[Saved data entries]
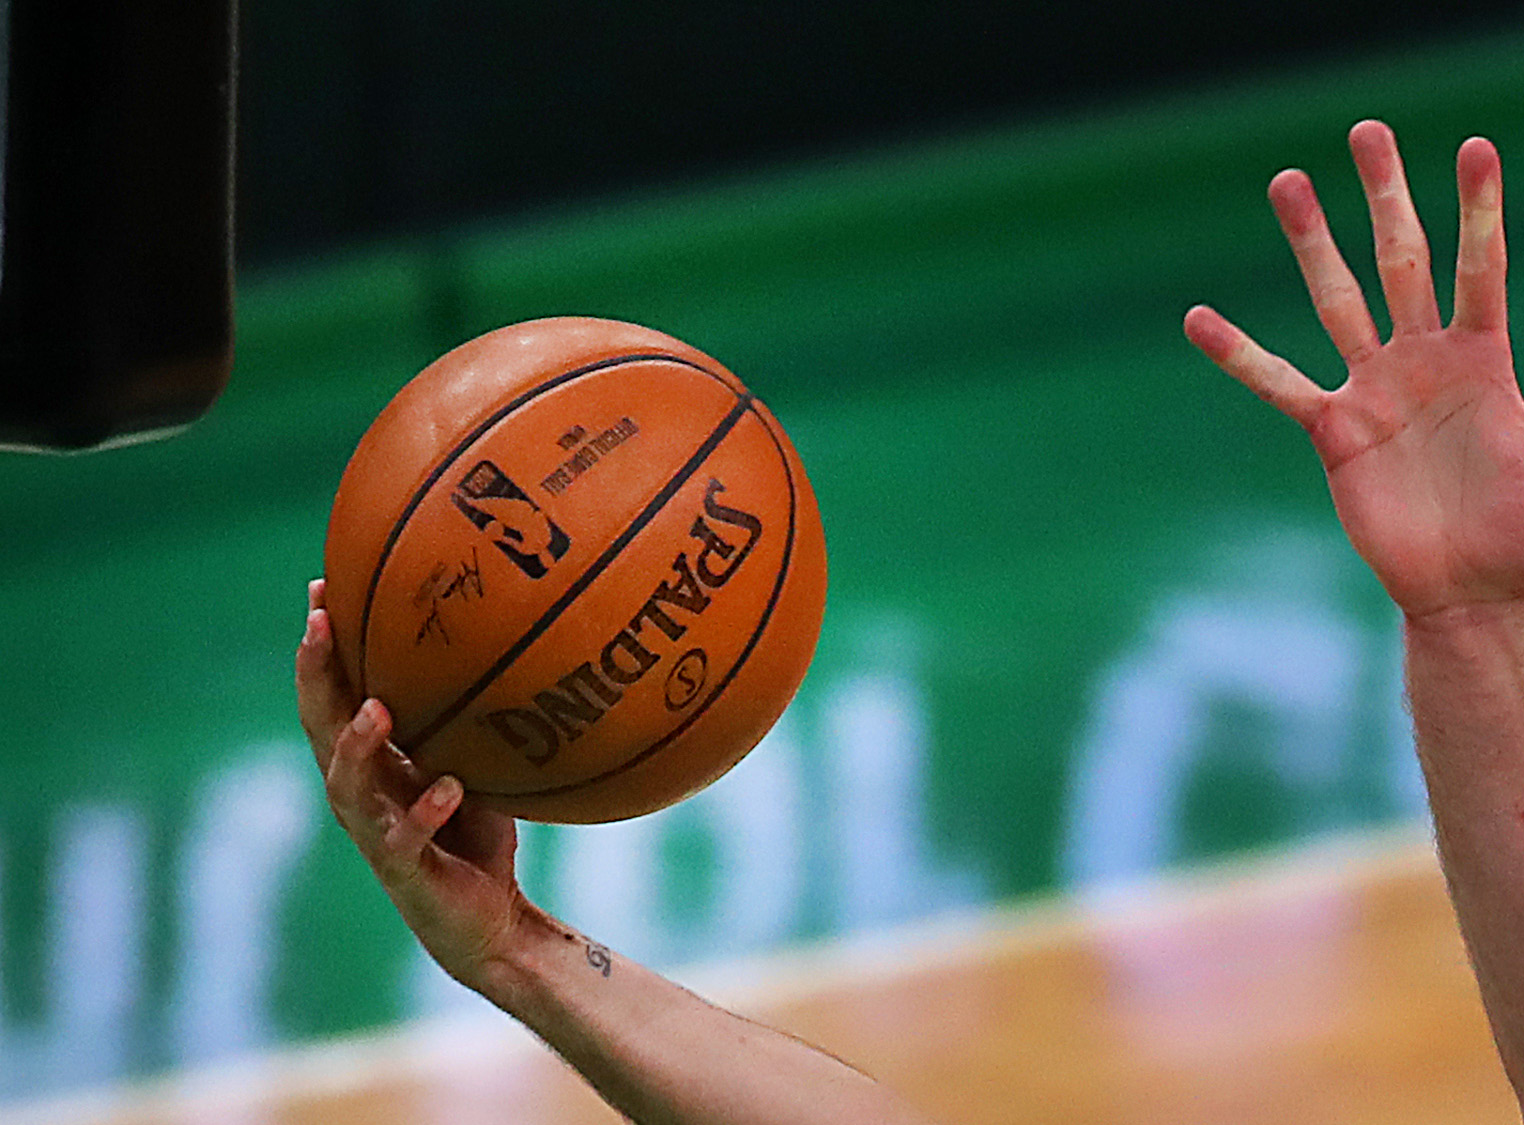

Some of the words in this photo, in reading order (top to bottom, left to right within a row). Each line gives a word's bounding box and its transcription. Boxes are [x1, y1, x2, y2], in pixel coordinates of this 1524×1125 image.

[588, 416, 639, 455] OFFICIAL
[563, 445, 599, 477] GAME
[540, 468, 573, 498] BALL
[477, 477, 762, 769] SPALDING
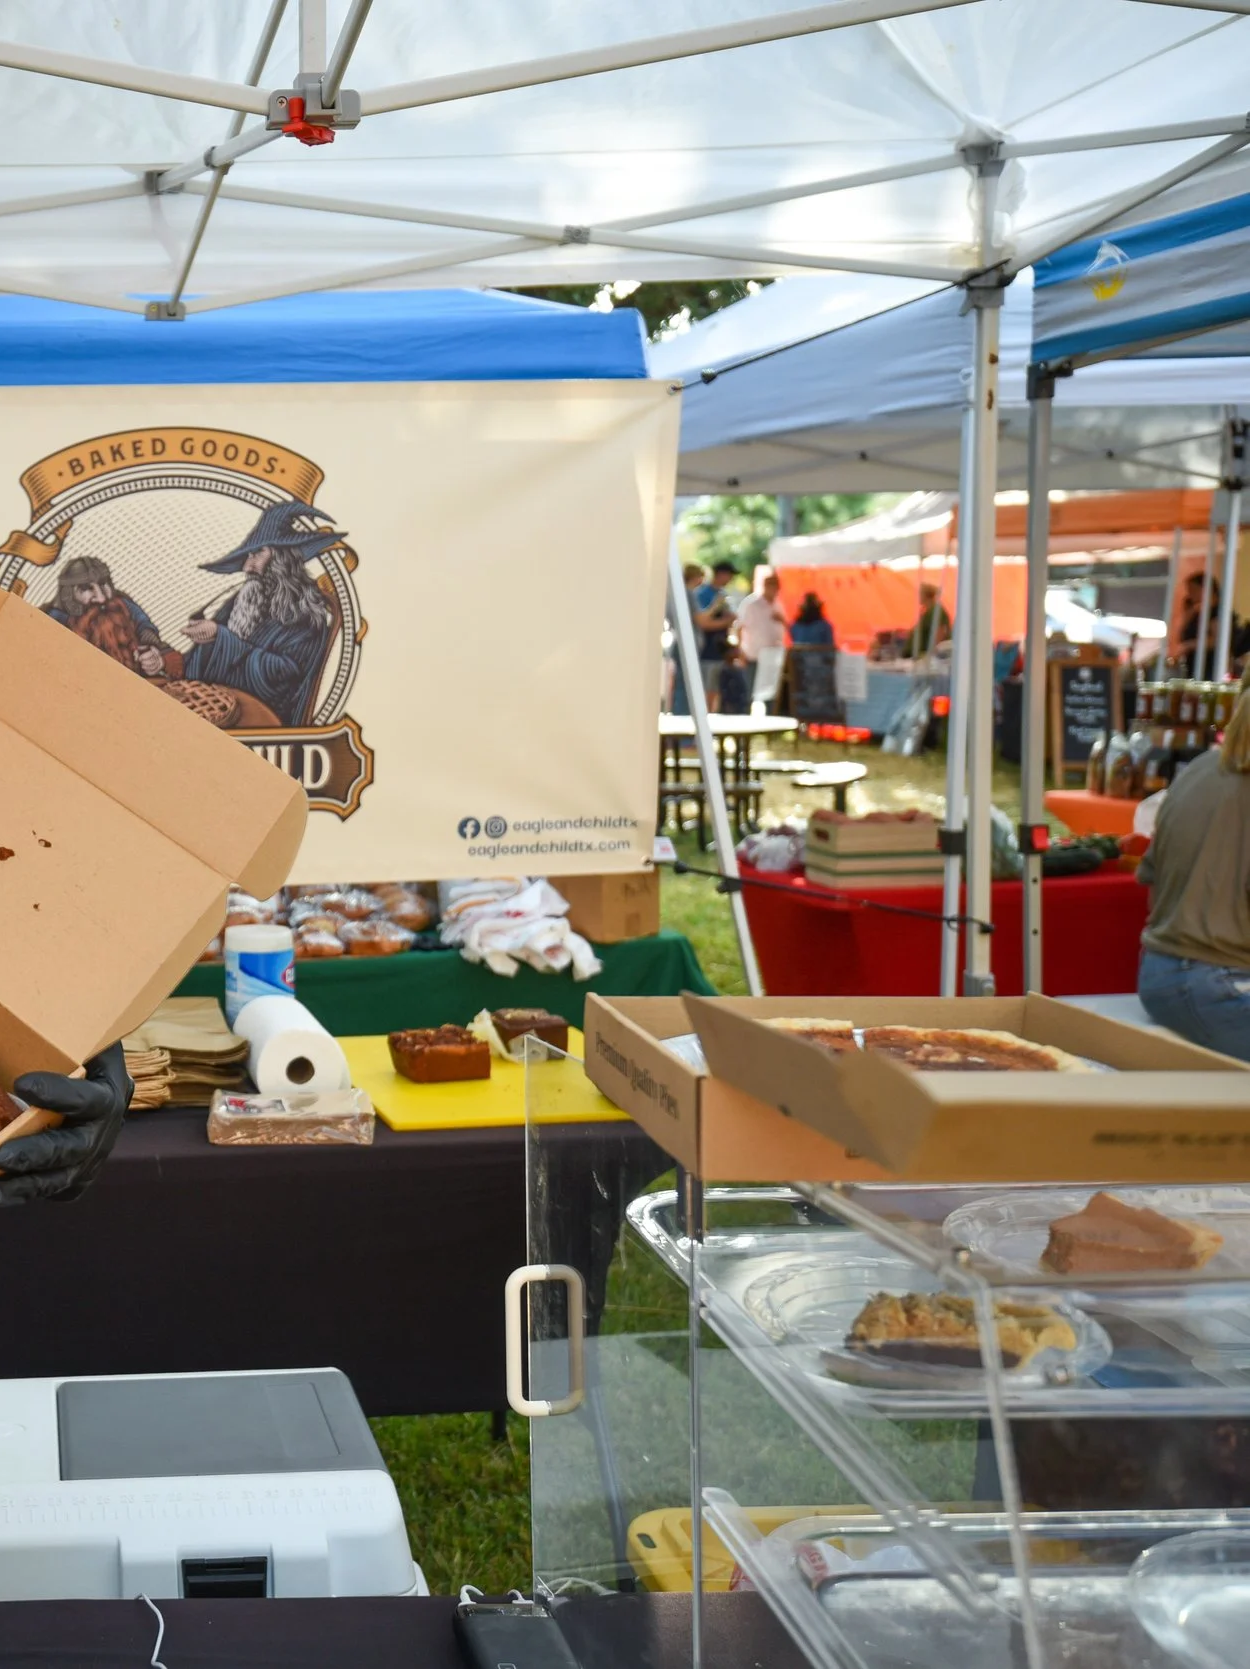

● **Problem**: Drop every image, please, and write out the data above exactly as shown.

● **Output**:
Some of the words in this photo, in reading order (top to bottom, left to right within a row). Each line gives a word's bounding box and its transcription. Boxes are [x1, y1, x2, y2], in pixel coordinates of this 1524×1125 image.

[588, 416, 639, 455] OFFICIAL
[563, 445, 599, 477] GAME
[540, 468, 573, 498] BALL
[477, 477, 762, 769] SPALDING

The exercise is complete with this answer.